Source data.
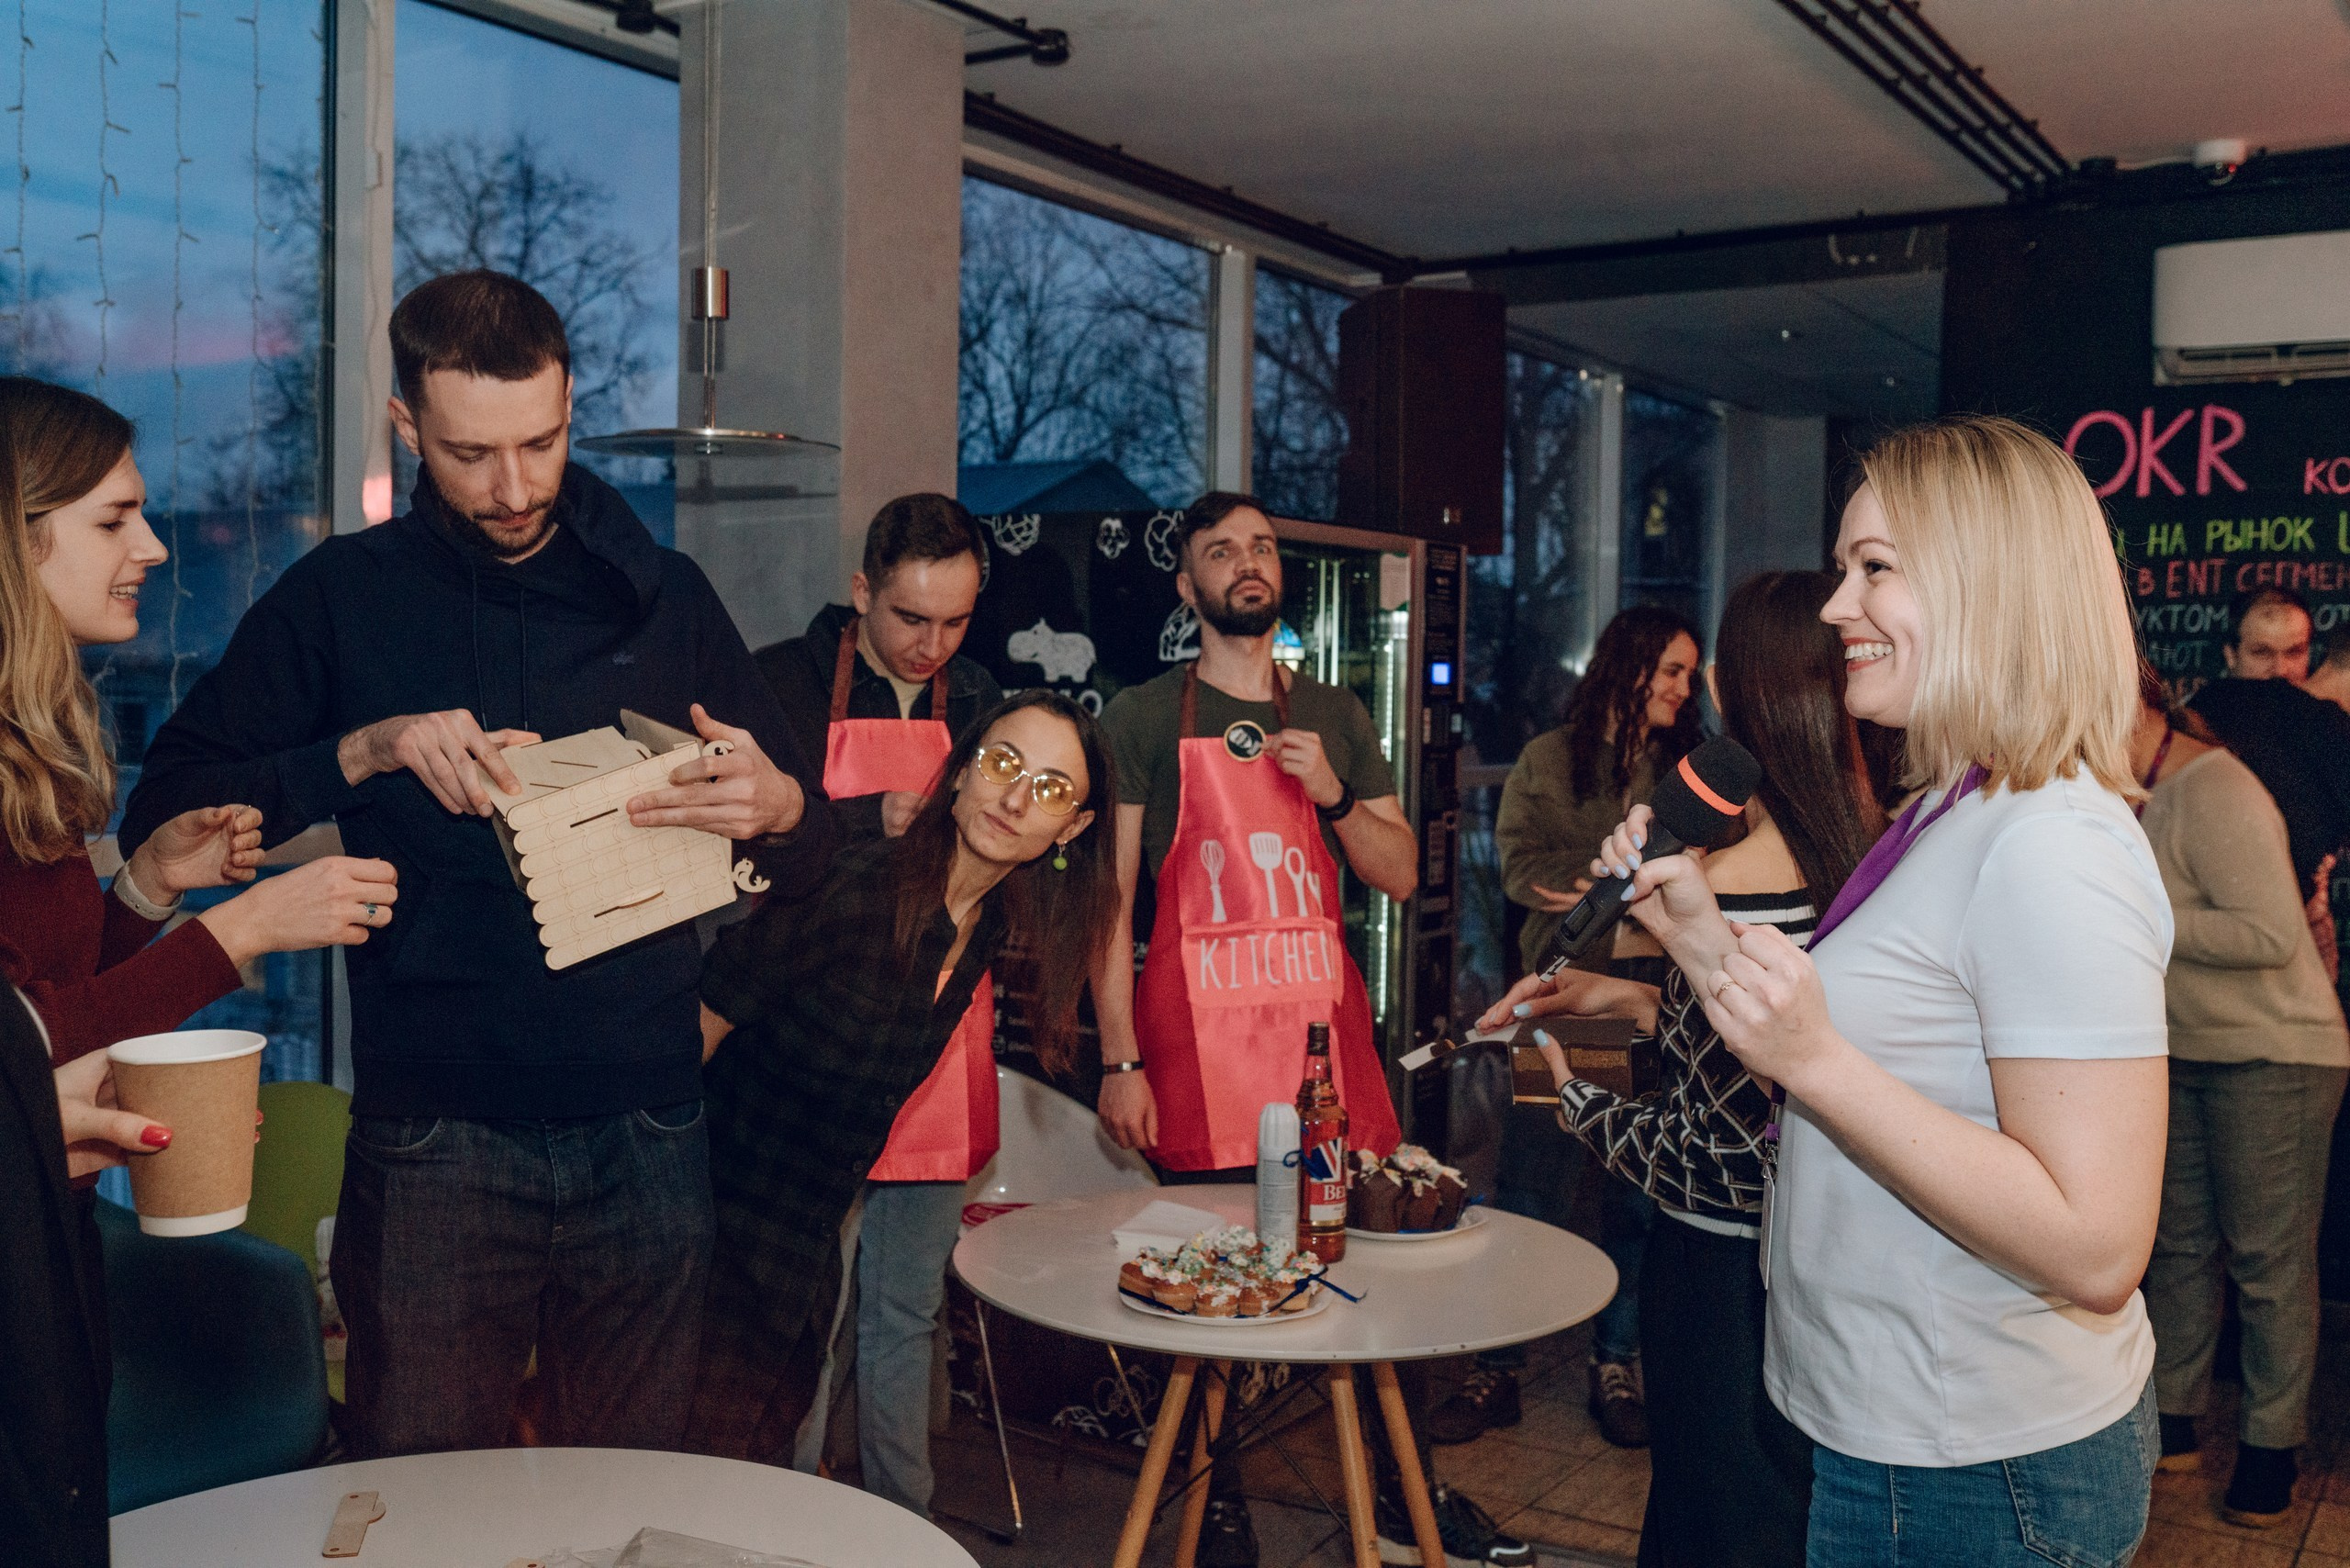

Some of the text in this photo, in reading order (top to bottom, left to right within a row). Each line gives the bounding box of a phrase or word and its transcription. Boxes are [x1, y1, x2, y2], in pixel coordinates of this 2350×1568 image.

[2065, 404, 2247, 498] OKR
[2146, 521, 2188, 557] НА
[2205, 516, 2315, 553] РЫНОК
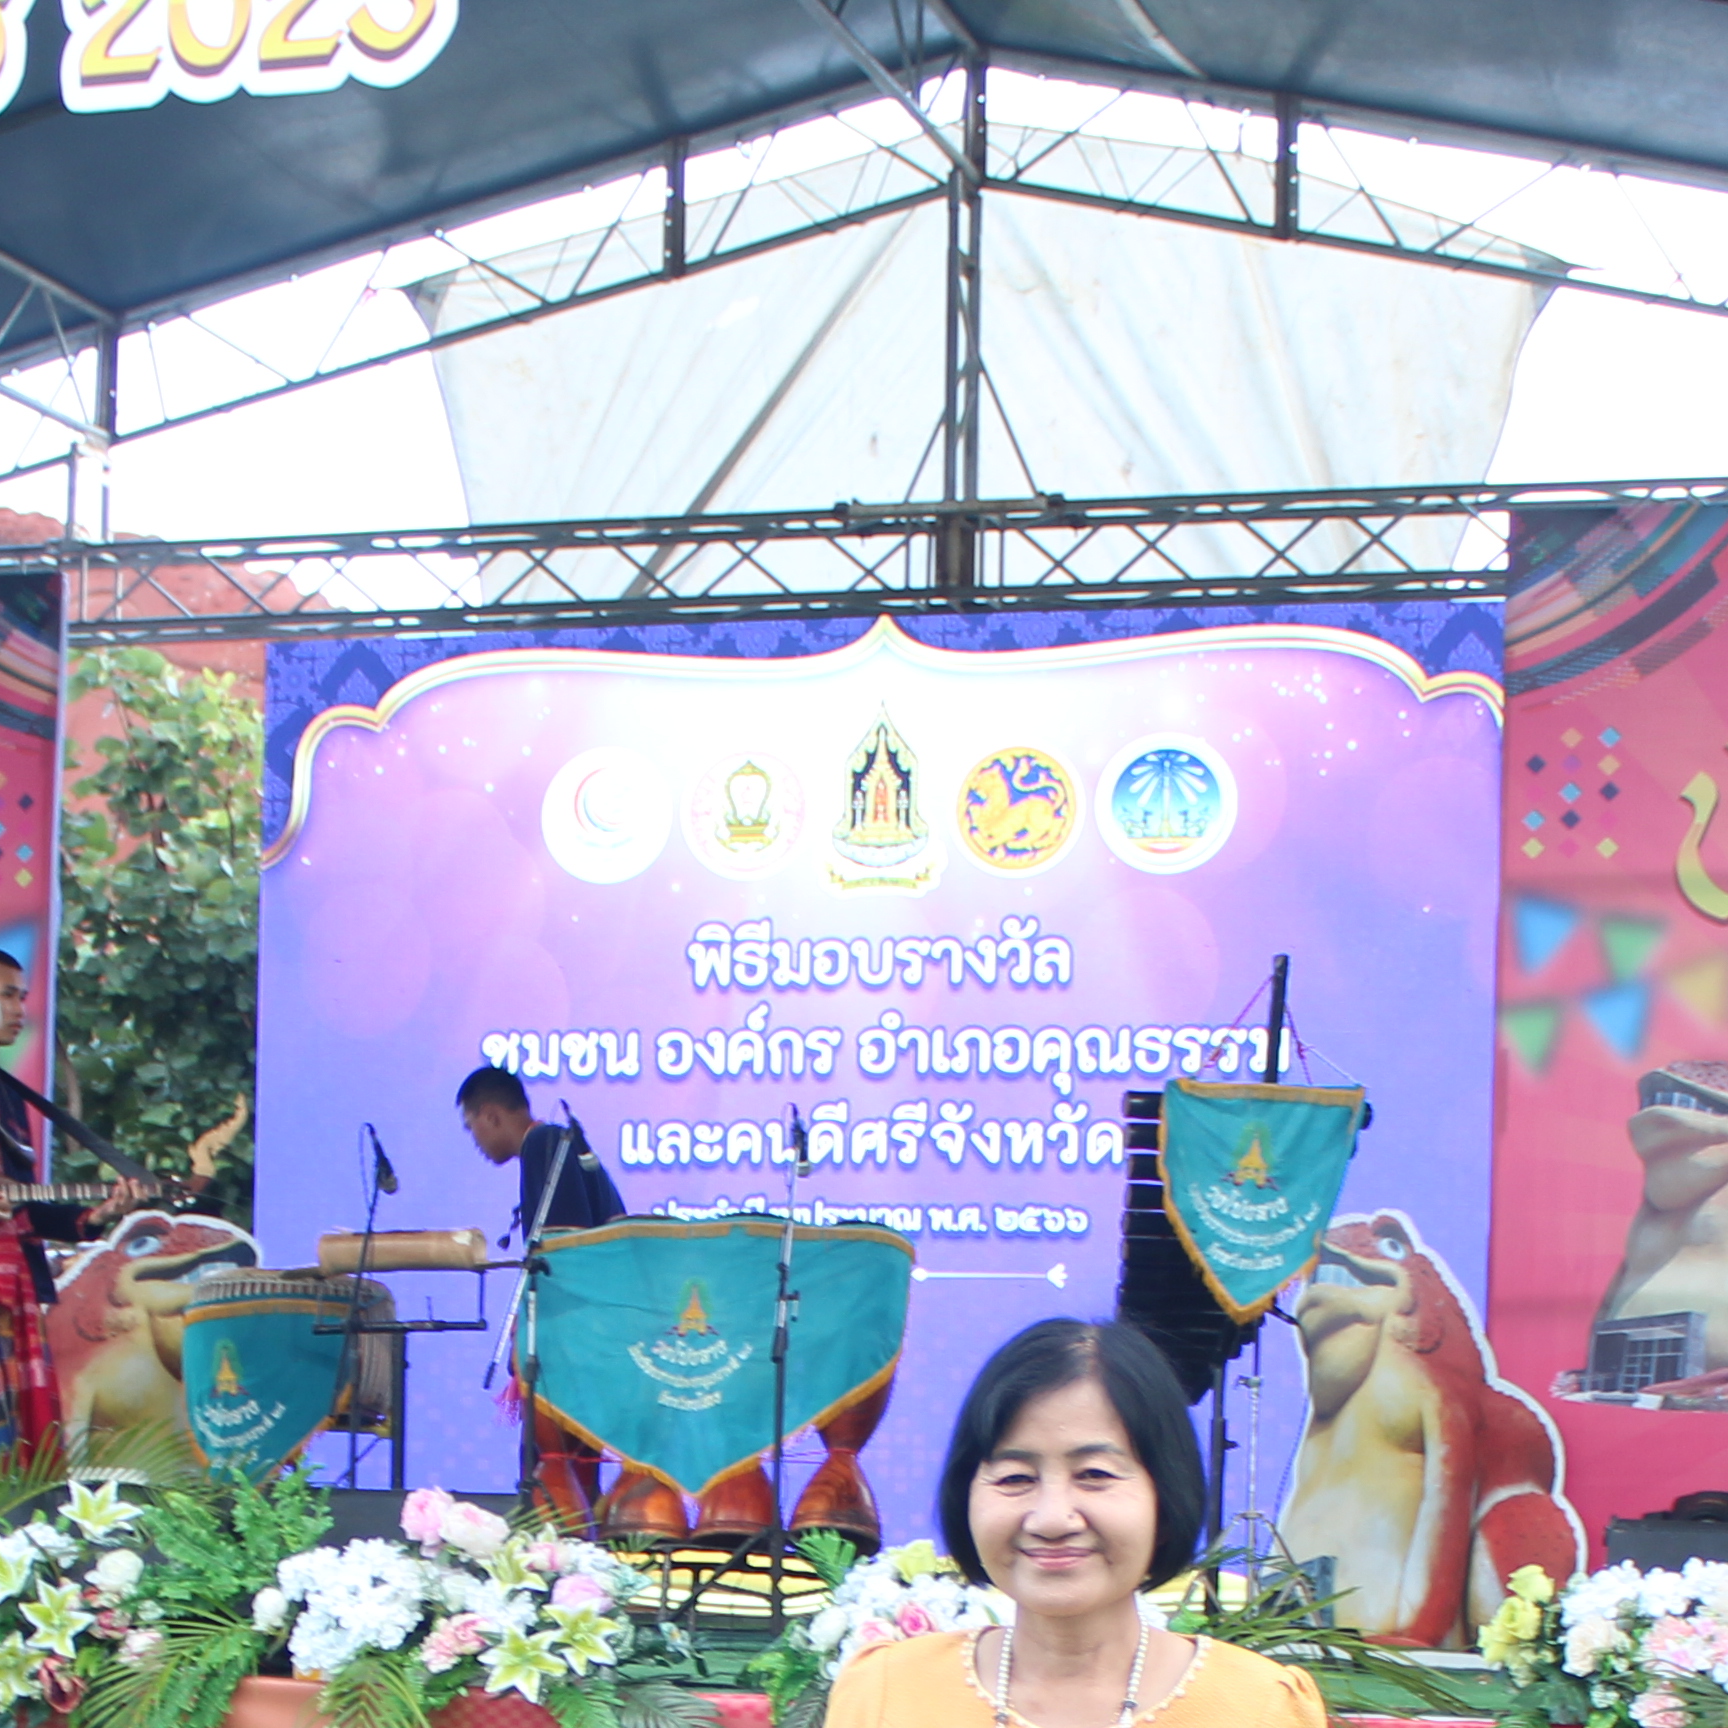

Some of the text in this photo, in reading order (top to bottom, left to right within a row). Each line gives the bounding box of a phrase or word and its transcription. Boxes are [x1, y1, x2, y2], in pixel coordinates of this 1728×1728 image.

[687, 914, 1072, 988] พิธีมอบรางวัล
[481, 1000, 1291, 1097] ชมชน องค์กร อำเภอคุณธรรม
[927, 1206, 988, 1233] พ.ศ.
[993, 1206, 1090, 1235] ๒๕๖๖

Exercise instructions. All lines from the one containing "this 1728×1728 image." through the last line of the data must be set down exactly. No other lines belong in the answer.

Answer box.
Some of the text in this photo, in reading order (top to bottom, left to right within a row). Each line gives the bounding box of a phrase or word and its transcription. Boxes are [x1, y1, x2, y2], in pixel coordinates of this 1728×1728 image.

[687, 914, 1072, 988] พิธีมอบรางวัล
[481, 1000, 1291, 1097] ชมชน องค์กร อำเภอคุณธรรม
[927, 1206, 988, 1233] พ.ศ.
[993, 1206, 1090, 1235] ๒๕๖๖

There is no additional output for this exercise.